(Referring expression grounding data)
* * * * *
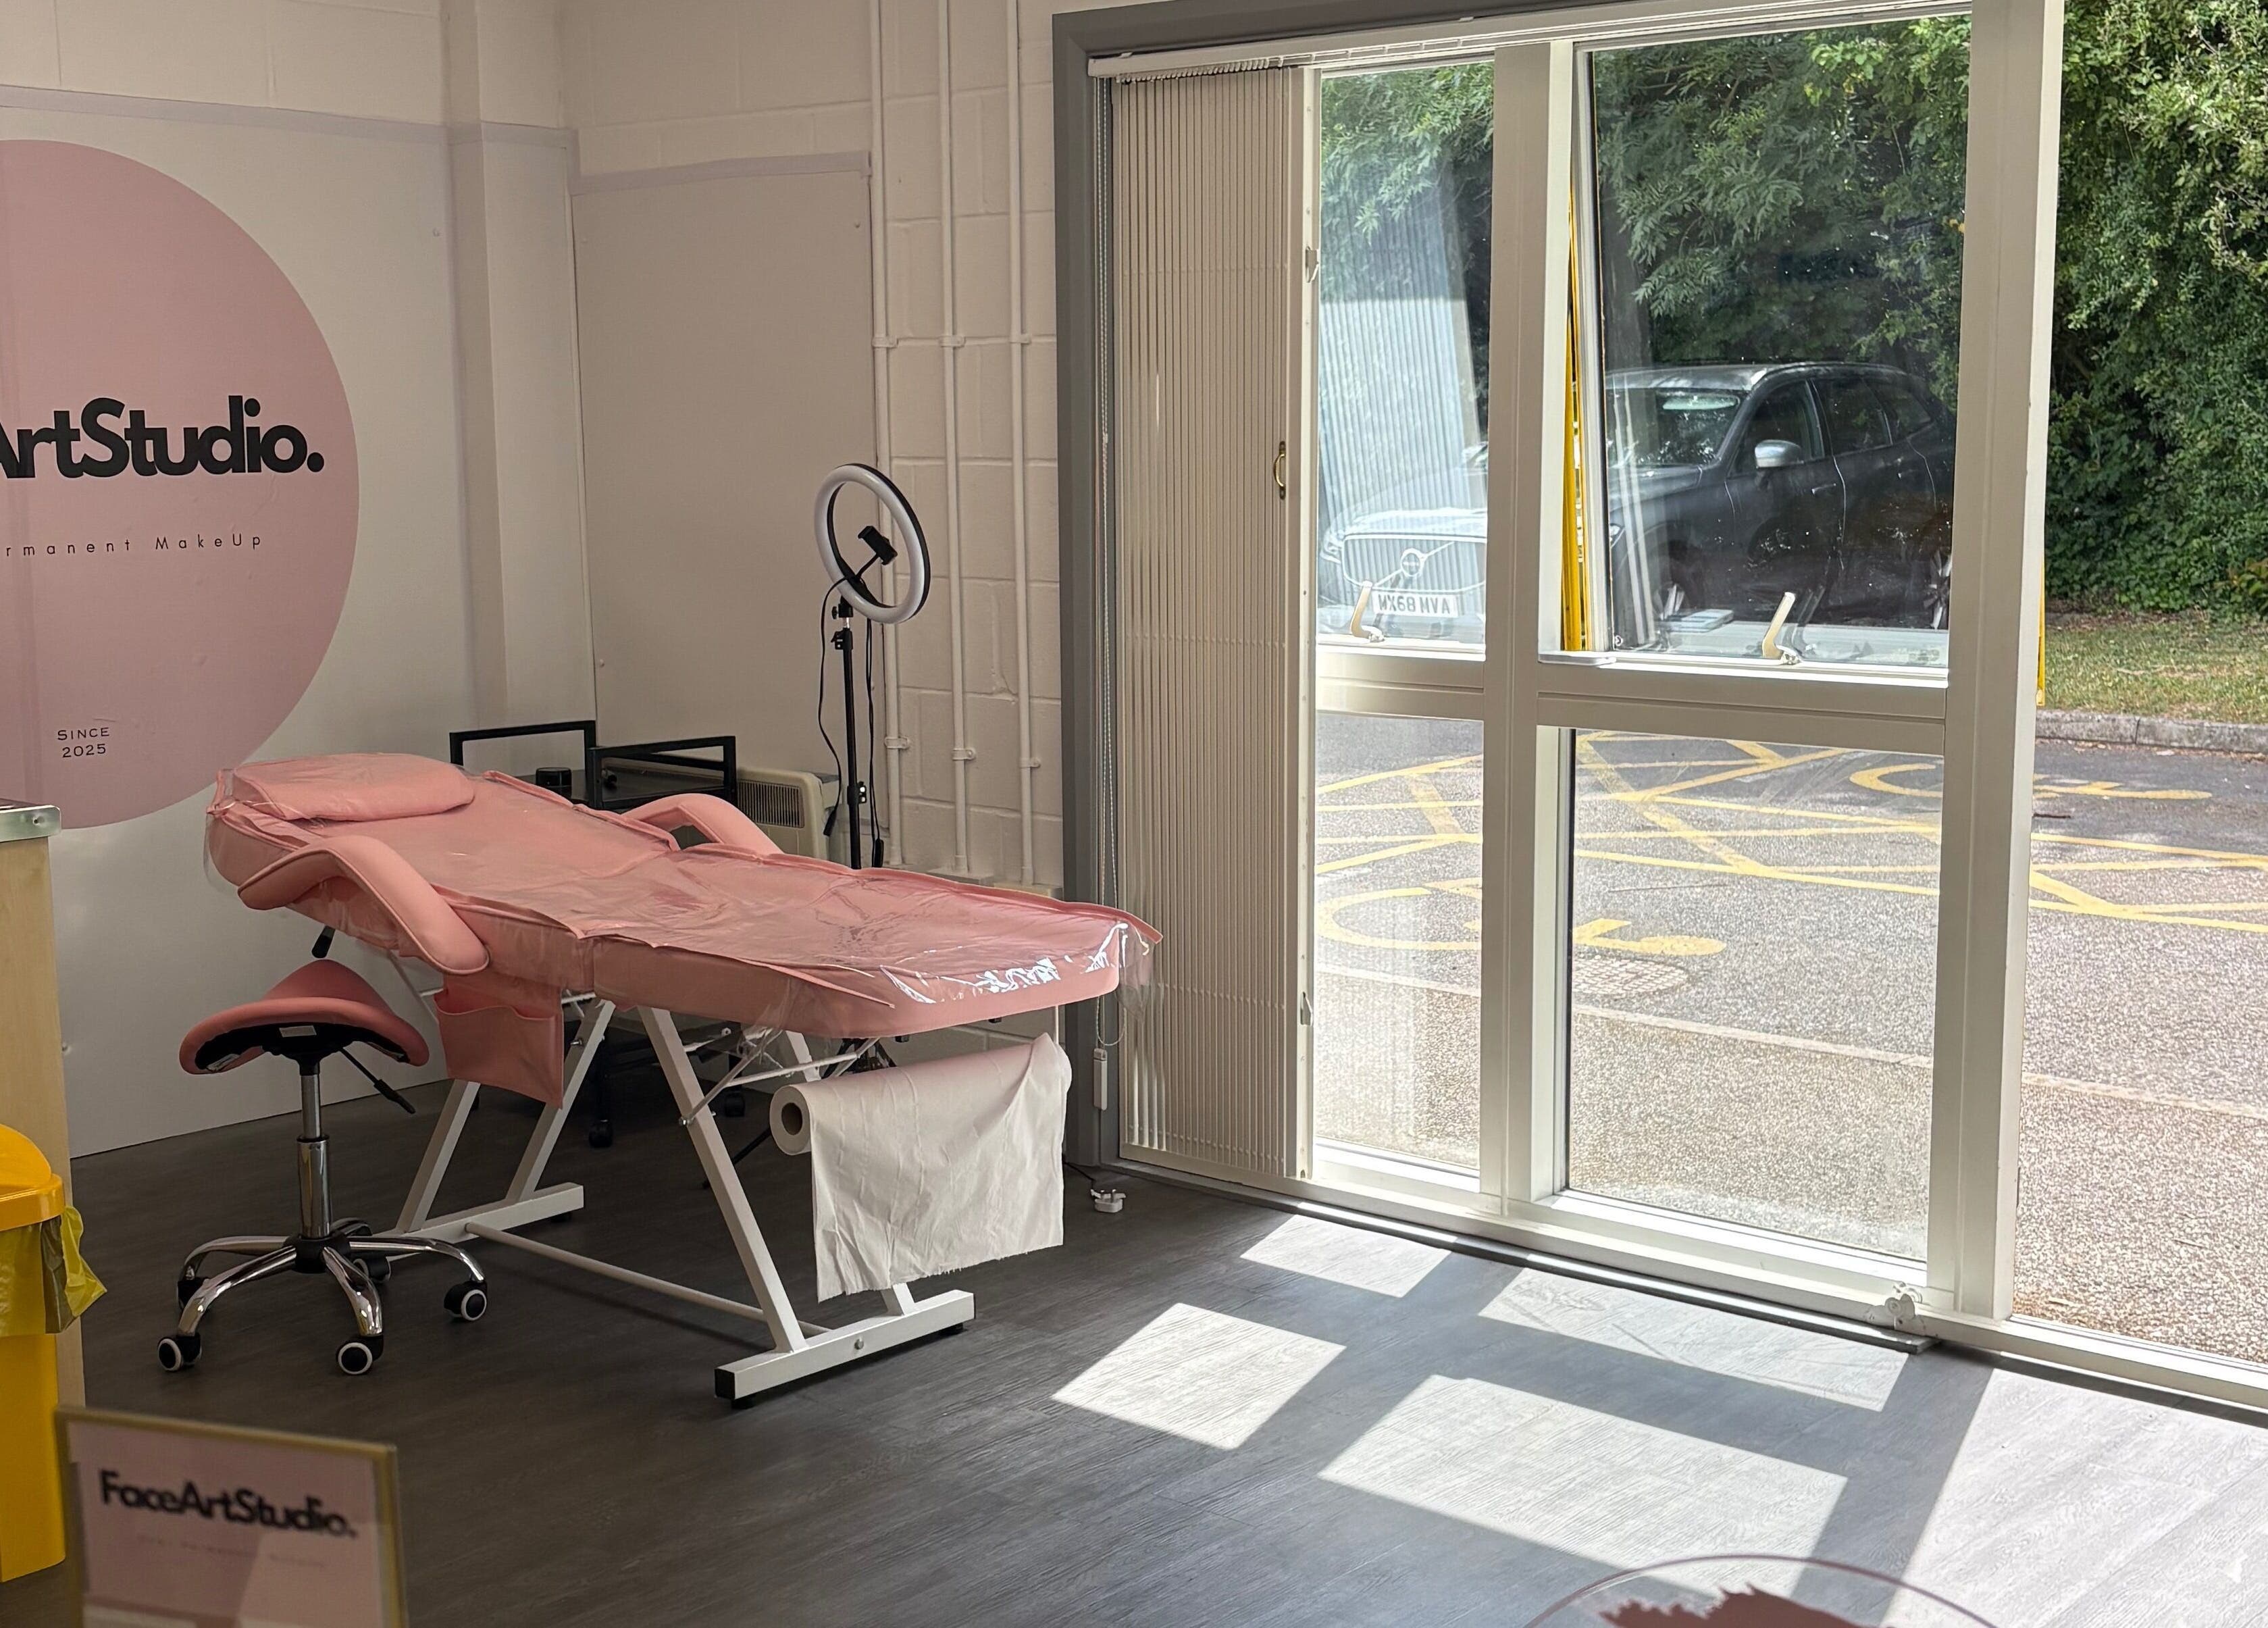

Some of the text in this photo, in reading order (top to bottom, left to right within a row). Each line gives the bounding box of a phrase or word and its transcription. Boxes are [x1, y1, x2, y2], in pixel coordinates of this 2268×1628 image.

[155, 533, 261, 550] MakeUp
[57, 727, 110, 740] SINCE
[61, 743, 107, 759] 2025
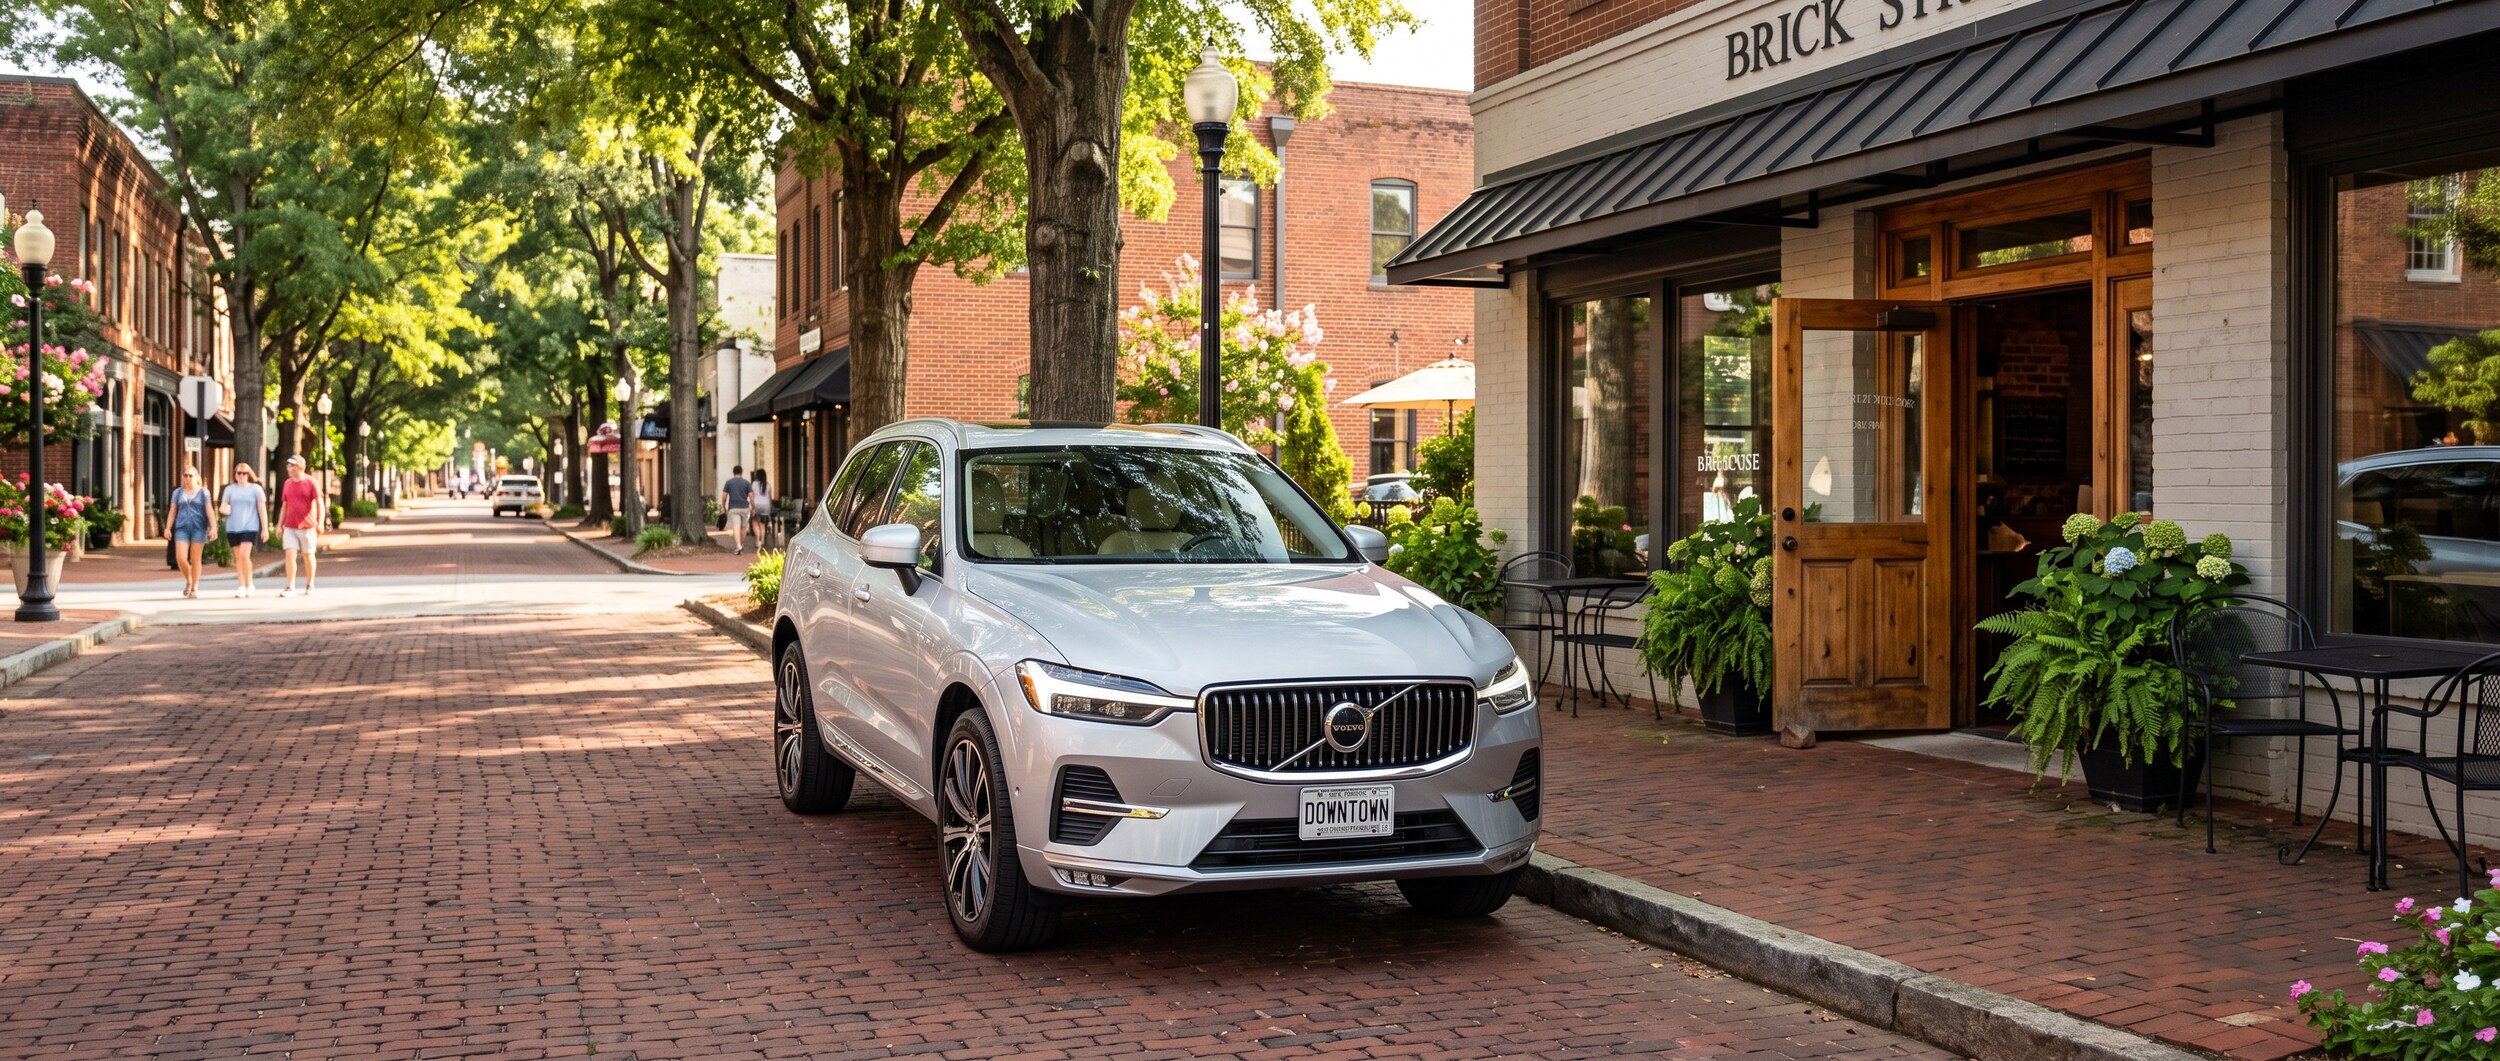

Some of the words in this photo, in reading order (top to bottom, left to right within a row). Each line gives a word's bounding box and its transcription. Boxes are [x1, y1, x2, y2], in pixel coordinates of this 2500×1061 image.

[1725, 0, 1855, 80] BRICK
[1332, 724, 1364, 732] VOLVO
[1305, 798, 1389, 825] DOWNTOWN
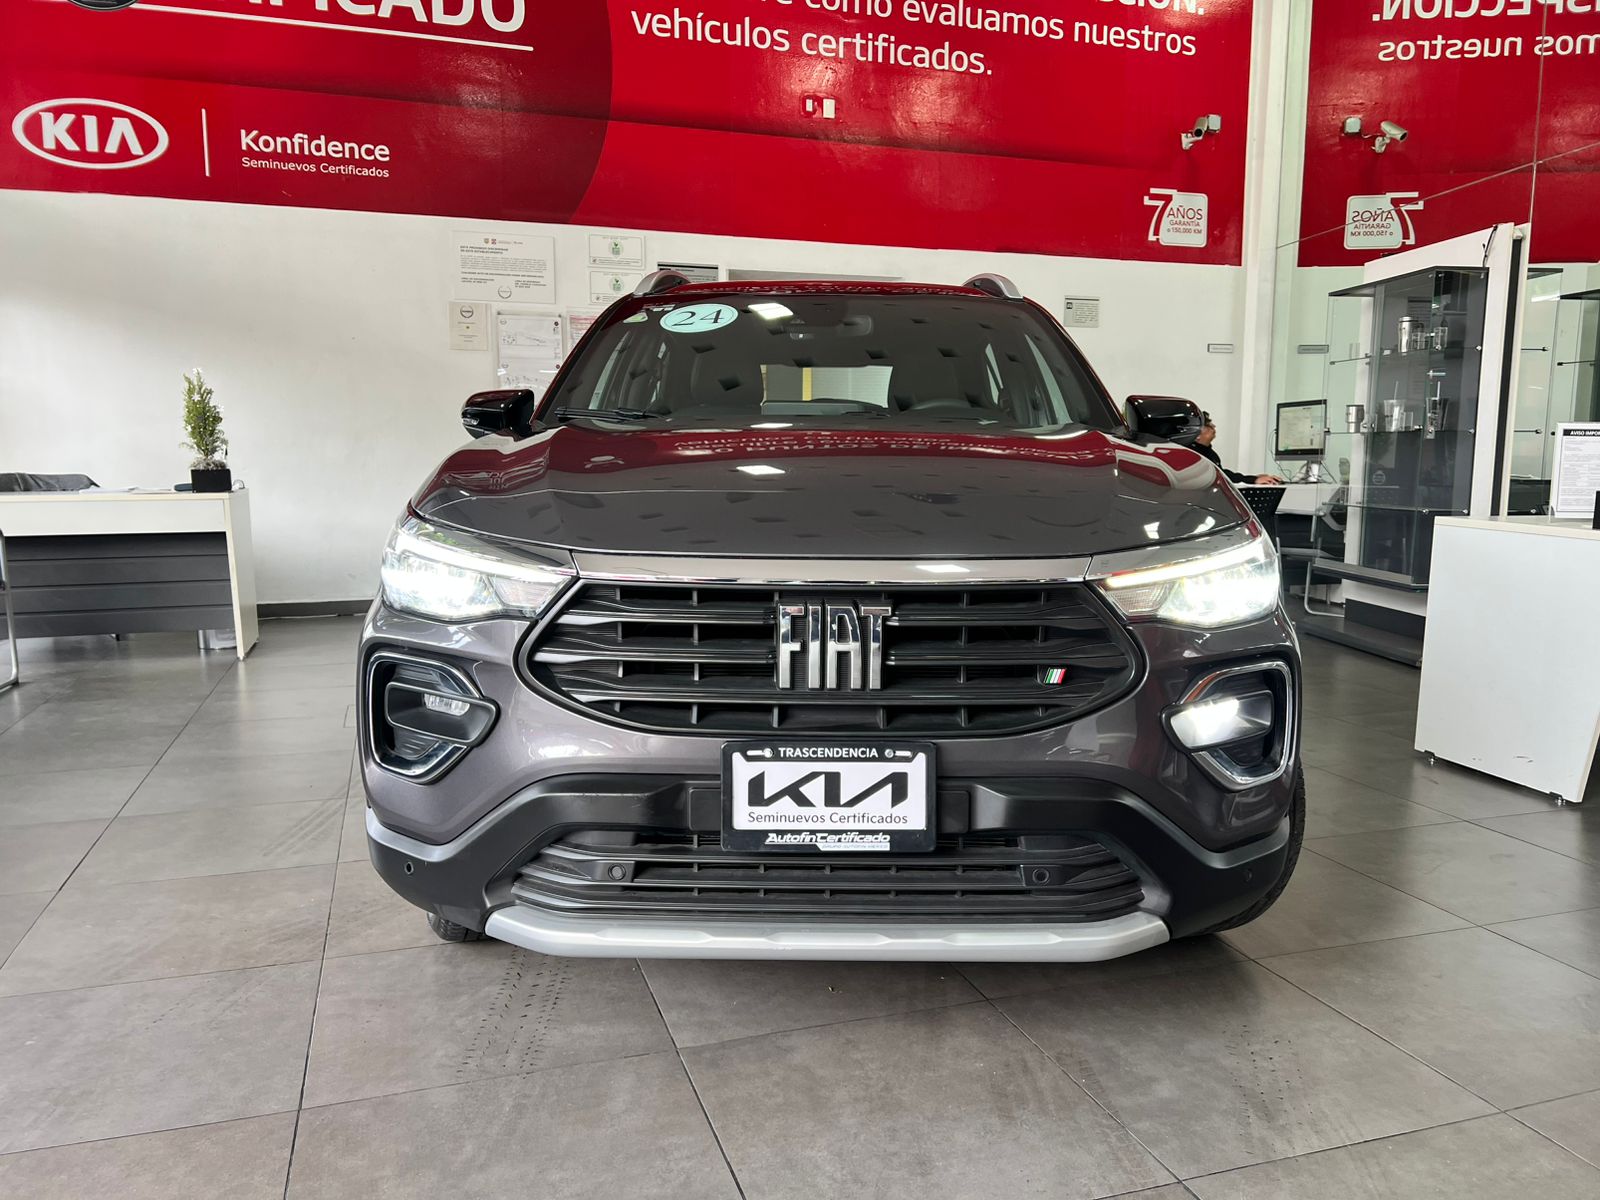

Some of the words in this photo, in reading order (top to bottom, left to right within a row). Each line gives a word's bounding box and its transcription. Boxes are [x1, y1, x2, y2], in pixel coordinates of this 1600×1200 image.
* * * * *
What you have to do: Set down the records again exactly as they appear, leaving each picture behind.

Solution for this task:
Some of the text in this photo, in reading order (top to bottom, left to right within a row). Each line gives the bounding box of a phrase or word and its transcription. Boxes are [x1, y1, x2, y2], in pixel coordinates of this 2268×1628 image.

[155, 533, 261, 550] MakeUp
[57, 727, 110, 740] SINCE
[61, 743, 107, 759] 2025

Some of the words in this photo, in reading order (top to bottom, left to right within a row). Each line gives a word's bounding box and its transcription. Boxes are [x1, y1, x2, y2], in pixel coordinates of this 2500×1061 image.

[1725, 0, 1855, 80] BRICK
[1332, 724, 1364, 732] VOLVO
[1305, 798, 1389, 825] DOWNTOWN

Some of the words in this photo, in reading order (top to bottom, left to right within a row). Each line gives a word's bounding box and its transcription. Boxes are [x1, y1, x2, y2], in pixel coordinates of this 1600×1200 image.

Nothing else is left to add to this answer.